Only the text of the records belongs in the answer, copied exactly and without pictures.
--- START ---
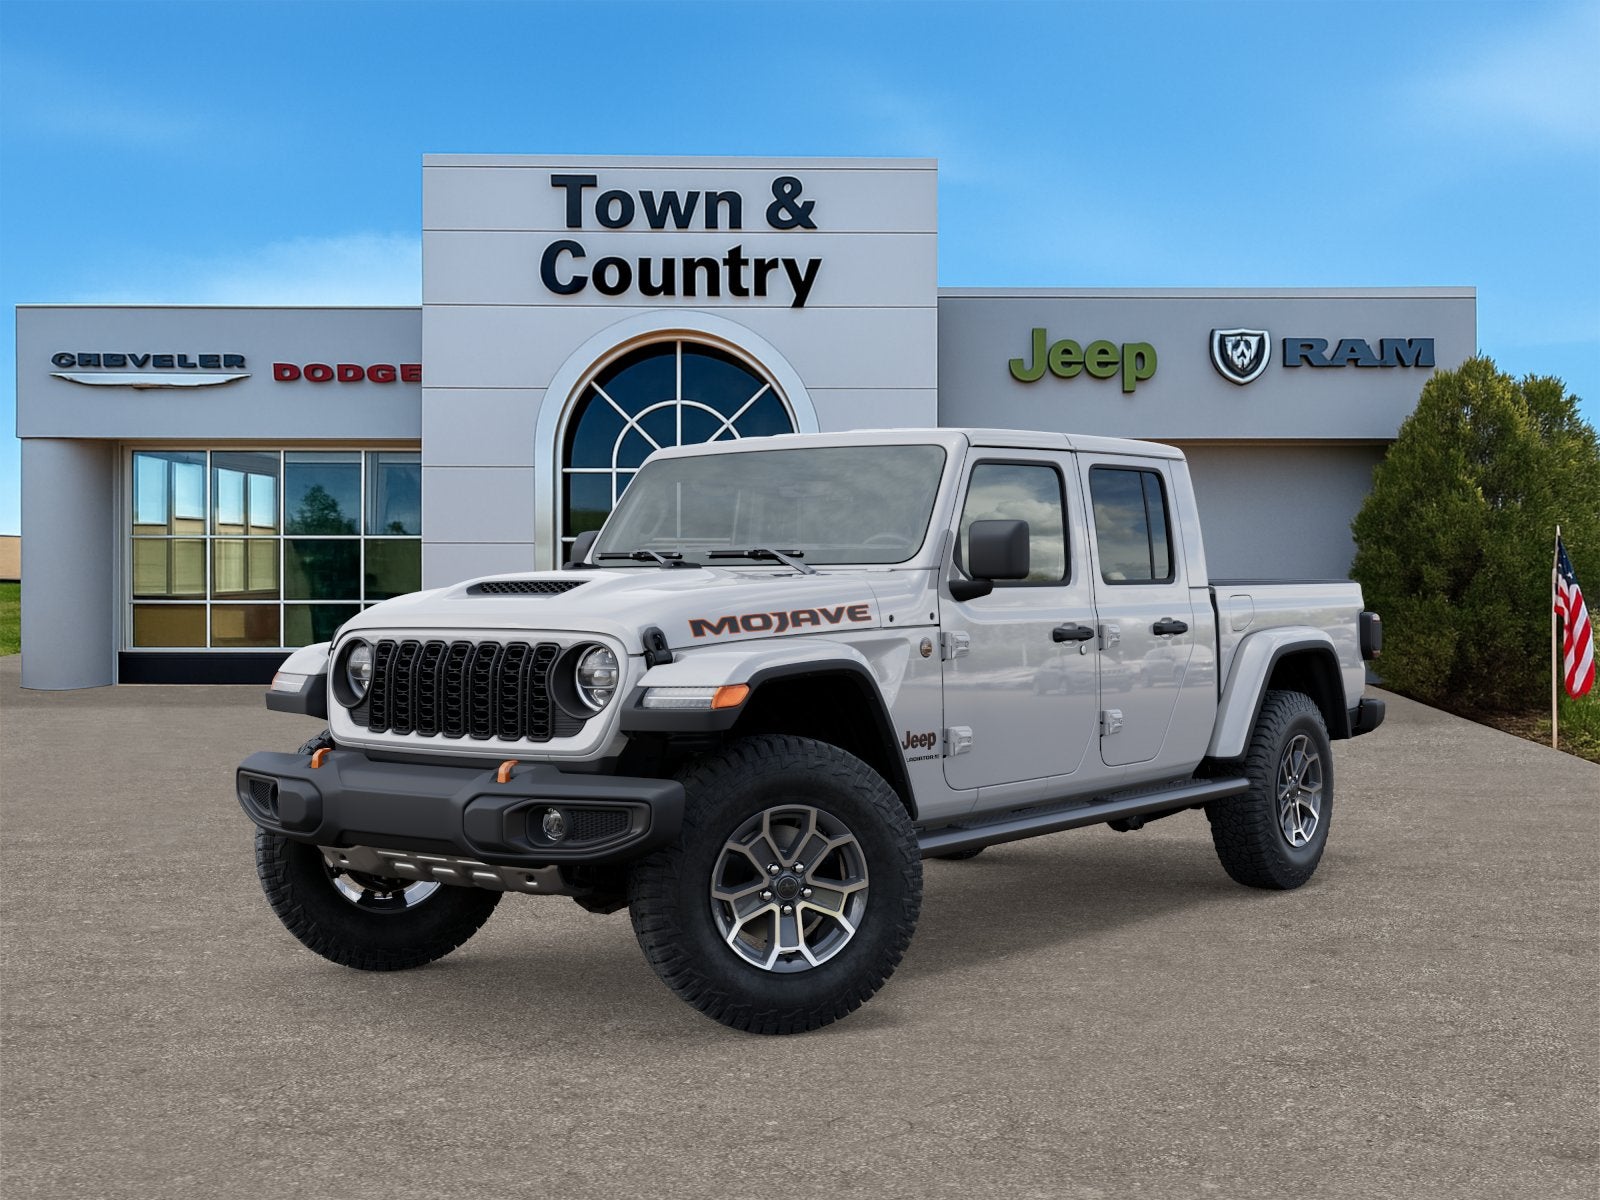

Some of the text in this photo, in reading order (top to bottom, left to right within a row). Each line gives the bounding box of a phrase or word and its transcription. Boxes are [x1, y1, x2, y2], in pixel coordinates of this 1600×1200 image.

[551, 174, 818, 230] Town &
[540, 239, 822, 308] Country
[1009, 328, 1158, 393] Jeep
[1282, 337, 1436, 368] RAM
[272, 362, 422, 383] DODGE
[688, 604, 872, 637] MOJAVE
[901, 730, 937, 751] Jeep
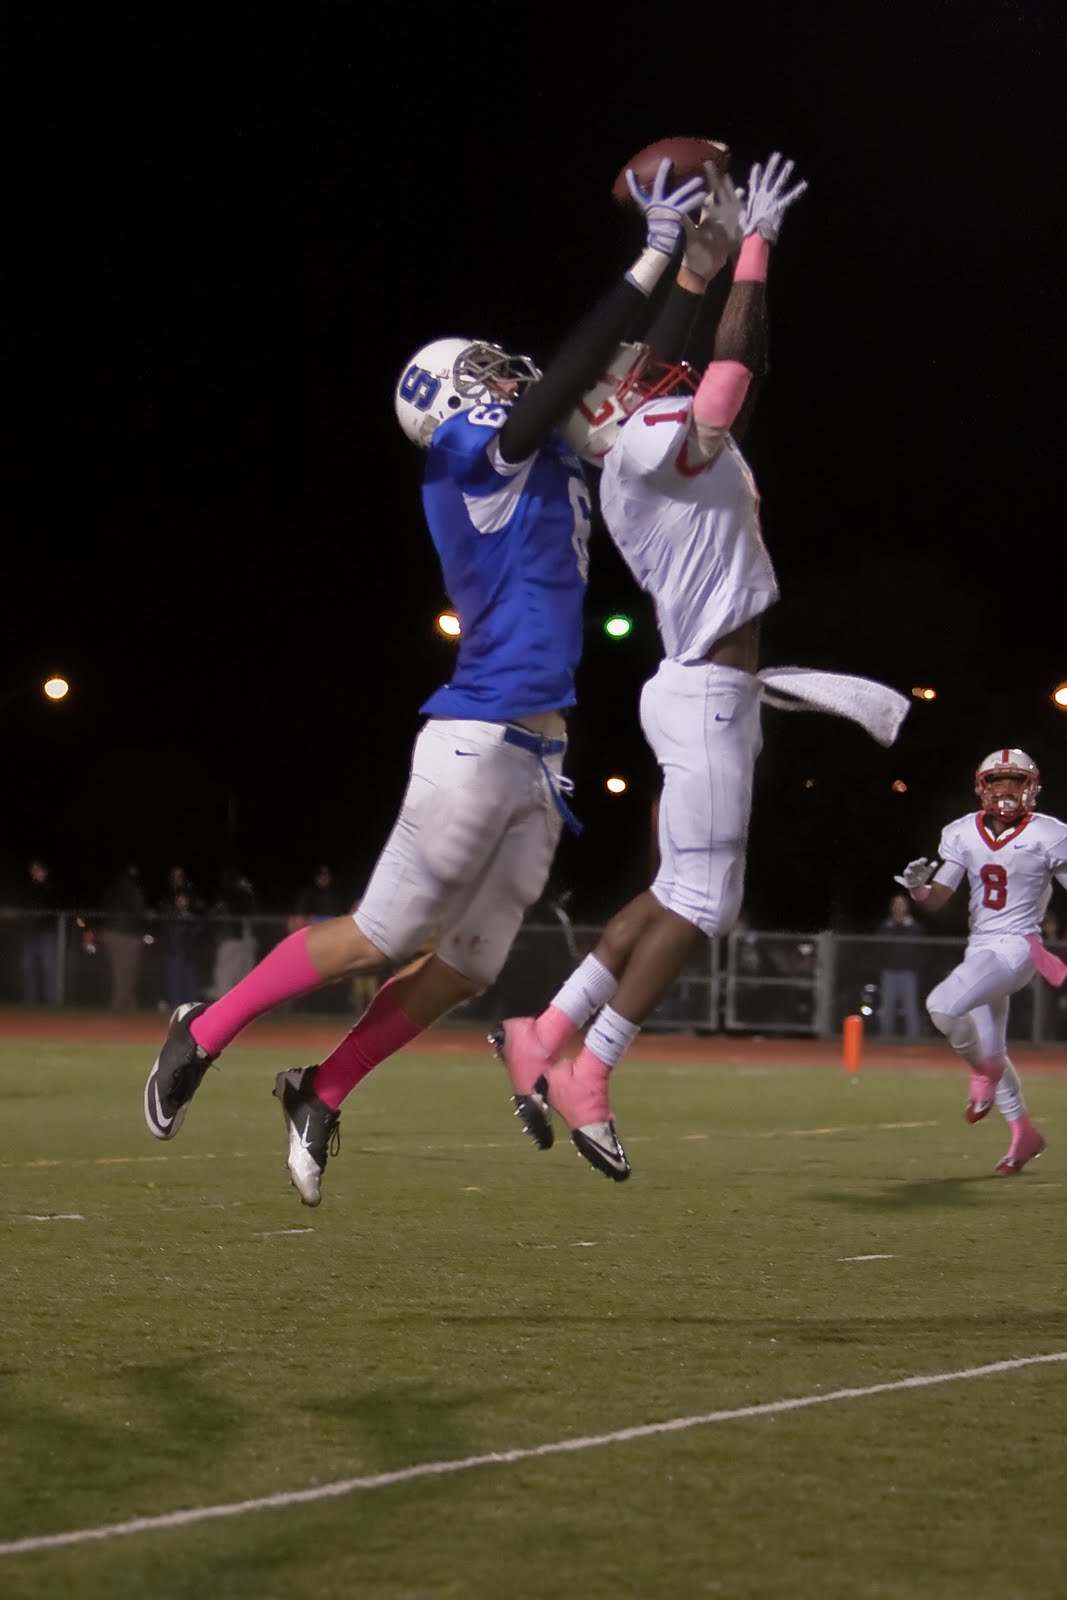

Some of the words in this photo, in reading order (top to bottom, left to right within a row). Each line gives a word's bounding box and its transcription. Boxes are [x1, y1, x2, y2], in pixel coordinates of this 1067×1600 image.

[400, 364, 441, 412] S
[643, 410, 688, 426] 1
[980, 863, 1008, 911] 8
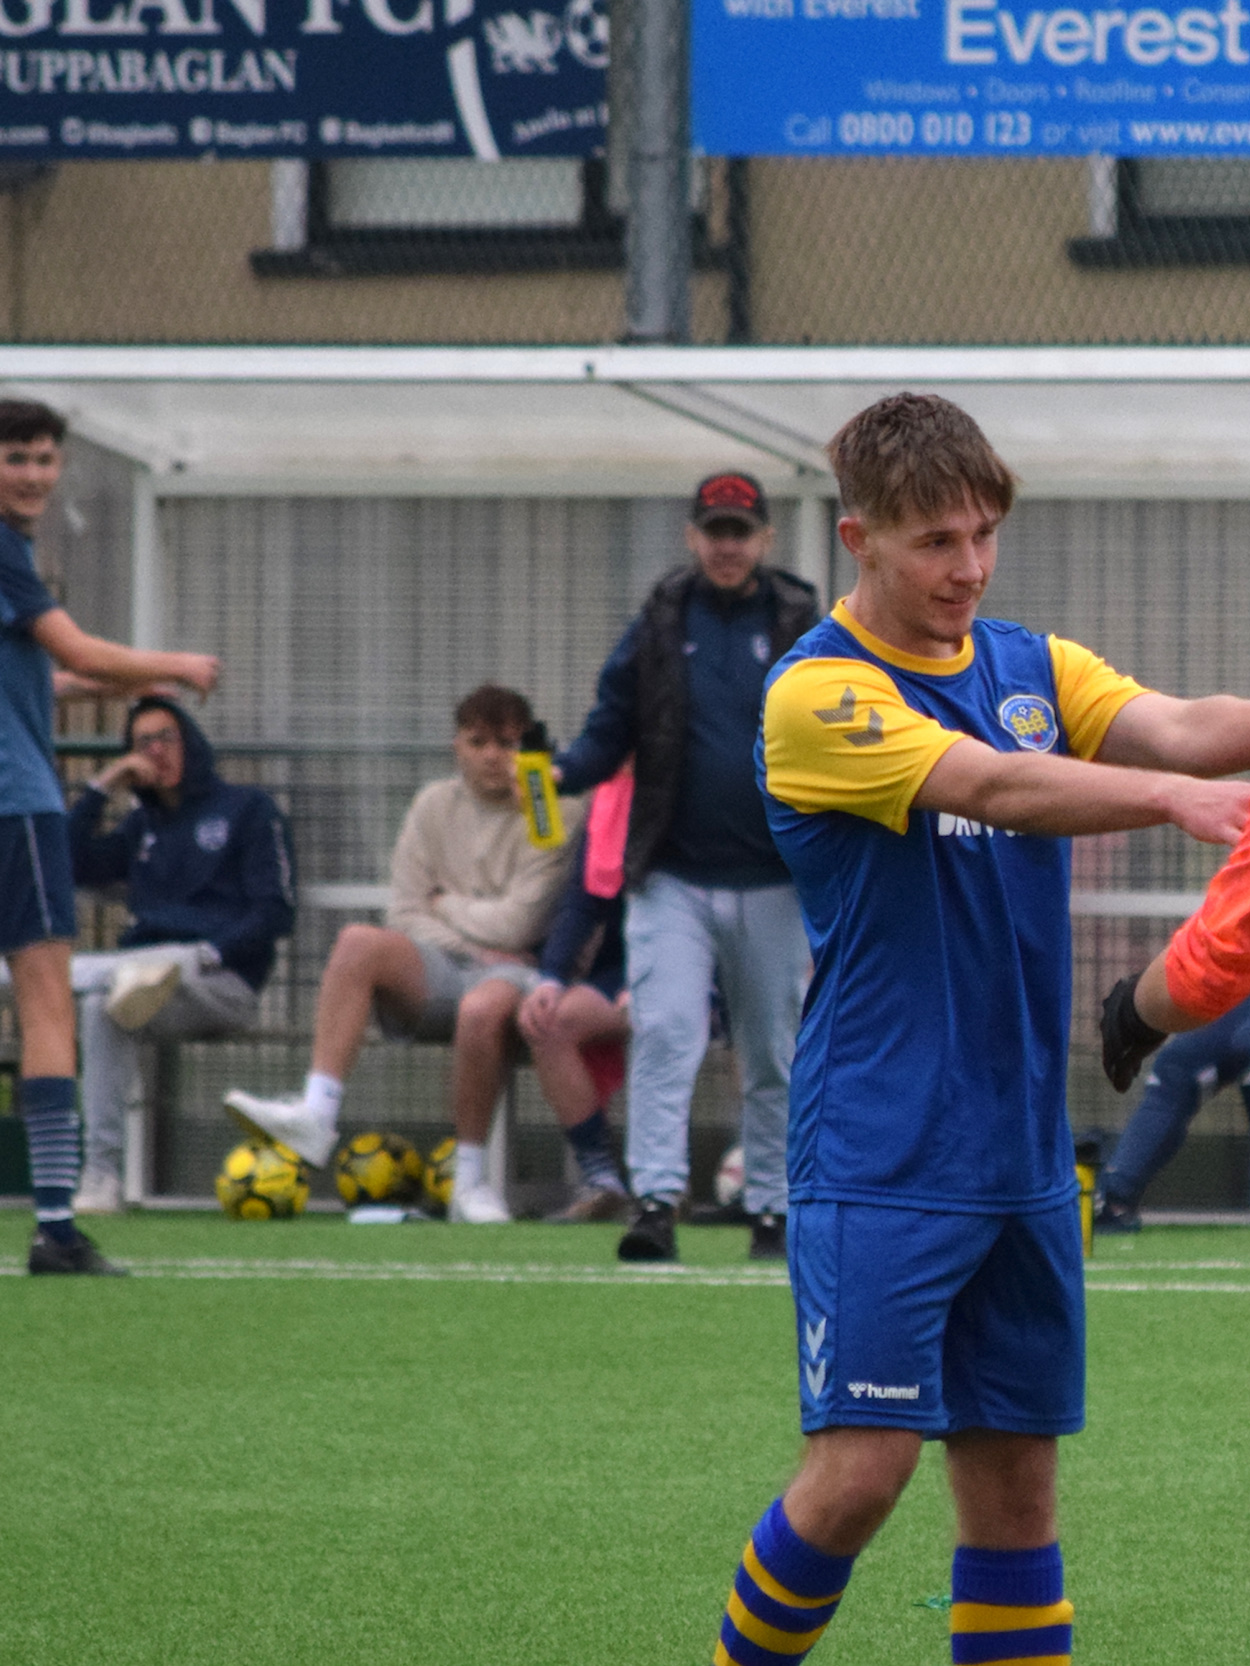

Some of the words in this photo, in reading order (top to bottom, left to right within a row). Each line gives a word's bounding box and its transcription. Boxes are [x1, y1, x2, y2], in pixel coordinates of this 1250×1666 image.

[0, 48, 298, 94] UPPABAGLAN
[785, 113, 832, 146] Call
[838, 112, 914, 146] 0800
[920, 112, 975, 145] 010
[983, 112, 1032, 145] 123
[868, 1383, 920, 1400] hummel
--- END ---
• [Solution below]:
Some of the text in this photo, in reading order (top to bottom, left to right within a row). Each line gives the bounding box of a phrase or word and its transcription. Boxes are [x1, y1, x2, y2], in pixel coordinates of this 1600×1200 image.

[551, 174, 818, 230] Town &
[540, 239, 822, 308] Country
[1009, 328, 1158, 393] Jeep
[1282, 337, 1436, 368] RAM
[272, 362, 422, 383] DODGE
[688, 604, 872, 637] MOJAVE
[901, 730, 937, 751] Jeep

Some of the words in this photo, in reading order (top to bottom, left to right within a row). Each line gives a word's bounding box and its transcription. Boxes are [x1, y1, x2, y2], in pixel coordinates of this 1067×1600 image.

[400, 364, 441, 412] S
[643, 410, 688, 426] 1
[980, 863, 1008, 911] 8

Some of the words in this photo, in reading order (top to bottom, left to right within a row). Each line gives a word's bounding box and its transcription. Boxes are [x1, y1, x2, y2], in pixel coordinates of this 1250×1666 image.

[0, 48, 298, 94] UPPABAGLAN
[785, 113, 832, 146] Call
[838, 112, 914, 146] 0800
[920, 112, 975, 145] 010
[983, 112, 1032, 145] 123
[868, 1383, 920, 1400] hummel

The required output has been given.